"Zwölf Arten seine Liebe anzutragen"

Lichtenberg, Georg Christoph, Schriftsteller (1742-1799). Eigenh. Brief mit U. ("GLichtenberg").

Göttingen, 25. X. 1779.

2 SS. auf Doppelblatt. Gr.-8vo. Mit eh. Adresse

 12.500,00

An den Kupferstecher, Graphiker und Illustrator Daniel Chodowiecki (1726-1801): "Herr Dieterich wird Ew. Wohlgeboh[ren] vermutlich von einer Idee für die Calender Cupfer fürs Jahr 1781 gesagt haben, die ich in Vorschlag zu bringen gedächte, und die wir wo nicht auch durch [I]hren Grabstichel, wenigstens durch Ihren Crayon ausgeführt wünschten. Dieses wäre: zwölf Arten seine Liebe anzutragen oder um ein Herz oder eine Hand oder einen Geld Beutel anzuhalten, das wäre mir gleich viel. Kurz ich meine jede Art Eroberung zu machen, wobey die Capitulation vor dem Altar unterzeichnet wird, so vorgestellt daß sie niemand, der nur etwas mit der Welt bekannt ist leicht erkennen kön[n]te. Ich glaube, daß die Idee reich ist, und durch die Umstehenden Personen viel Veränderung erhalten kann[n]. Der Bauer, der Knickser [?], die geistlichen Pedanten vom Schulmeister bis zum General Superintendenten und die weltlichen aus allen Facultäten der Professoren, vorzüglich die Naturalien und Urnensammler [?], auch die Odensänger nicht zu vergessen, Stutzer, Husaren Officire gesunde und dem Schwitzkasten kaum entflohene kön[n]ten hier vorgestellt werden. Auch die Eroberung durch Sturm kön[n]te vorkommen, gewaltsame Entführung u. d. gl. Dieses wäre der Gedanke im allgemeinen, Ew. Wohlgeboh[ren] mehr Detail anzugeben halte ich für ganz unnöthig, da Ihnen Ihr außerordentlicher Beobachtungs Geist in einem Augenblick mehr Bilder an die Hand geben wird, als mir alle meine Tagebücher, eigne und geborgte Erfahrung. Wie gerne wünschte ich einige Zeichnungen von Ihnen zu unserm Journal. Für das erste ist es freylich keine Möglichkeit, aber doch für das zweyte das im März erscheint [...]".
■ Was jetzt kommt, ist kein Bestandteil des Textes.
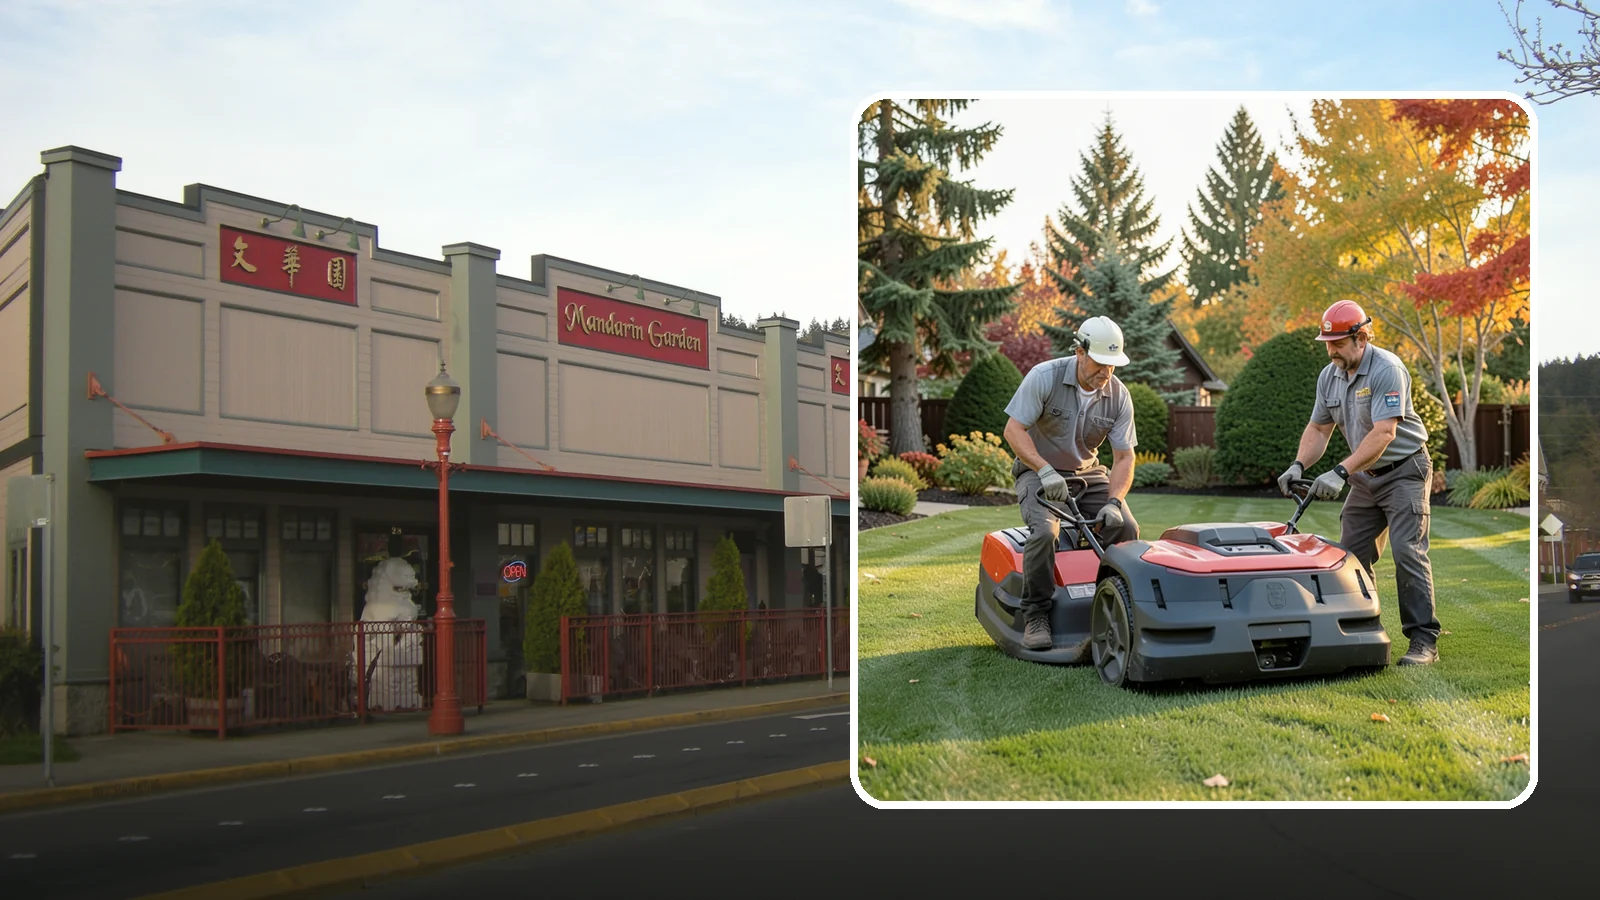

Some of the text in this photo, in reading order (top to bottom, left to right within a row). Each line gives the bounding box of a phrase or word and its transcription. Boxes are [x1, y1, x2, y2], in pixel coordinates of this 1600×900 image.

[230, 235, 347, 291] 文華園
[564, 302, 702, 352] Mandarin Garden
[503, 565, 527, 578] OPEN
Lichtenbergs "Hausherr, Verleger, Bücher- und Wein-Lieferant und Freund" (Lichtenberg, Briefe, zit. n. Promies, s. u., S. 70) Johann Christian Dieterich (1722-1800) verlegte seit 1776 den von Lichtenbergs Studienfreund und späteren Professorenkollegen Johann Christian Polykarp Erxleben (1744-1777) herausgegebenen "Musenalmanach", den Lichtenberg nach dessen Tod als "Göttinger Taschen Calender" weiterführte. "Der Kalender sollte möglichst ein großes Publikum ansprechen, dessen Bildungsgrad nicht erlesen war [....] nie vergaß er die Kupfer der neuesten Frauenzimmer-Moden" (Promies, S. 71f.). "Es war von vornherein eine geschäftliche Erwägung Dieterichs, den Kalender mit Kupfern zu schmücken. Vollends Daniel Chodowiecki zur Mitarbeit zu gewinnen, den vielbeschäftigten Buchillustrator seiner Zeit, bedeutete vermehrten Anreiz für das in Bilder vernarrte Publikum" (ebd., S. 78). Der hier angesprochene Kalender erschien 1781 mit 2 Modekupfern und 12 Monatskupfern von Chodowiecki zum Thema "Zwölf verschiedene Arten von Heiratsanträgen".

Bl. 2 mit kl. unbed. Ausr. durch Siegelbruch und Resten desselben. So frühe Briefe Lichtenbergs sind selten. Vergleichbar frühe Briefe Lichtenbergs sind auf Auktionen der letzten Jahrzehnte nicht nachweisbar, auch aus seiner Korrespondenz mit Chodowiecki ist im Handel bisher nie etwas aufgetaucht.

Literatur

Wolfgang Promies: Georg Christoph Lichtenberg. Mit Selbstzeugnissen und Bilddokumenten dargestellt. Reinbek bei Hbg., Rowohlt, 1987 (= Rowohlts Bildmonographien 90), S. 70.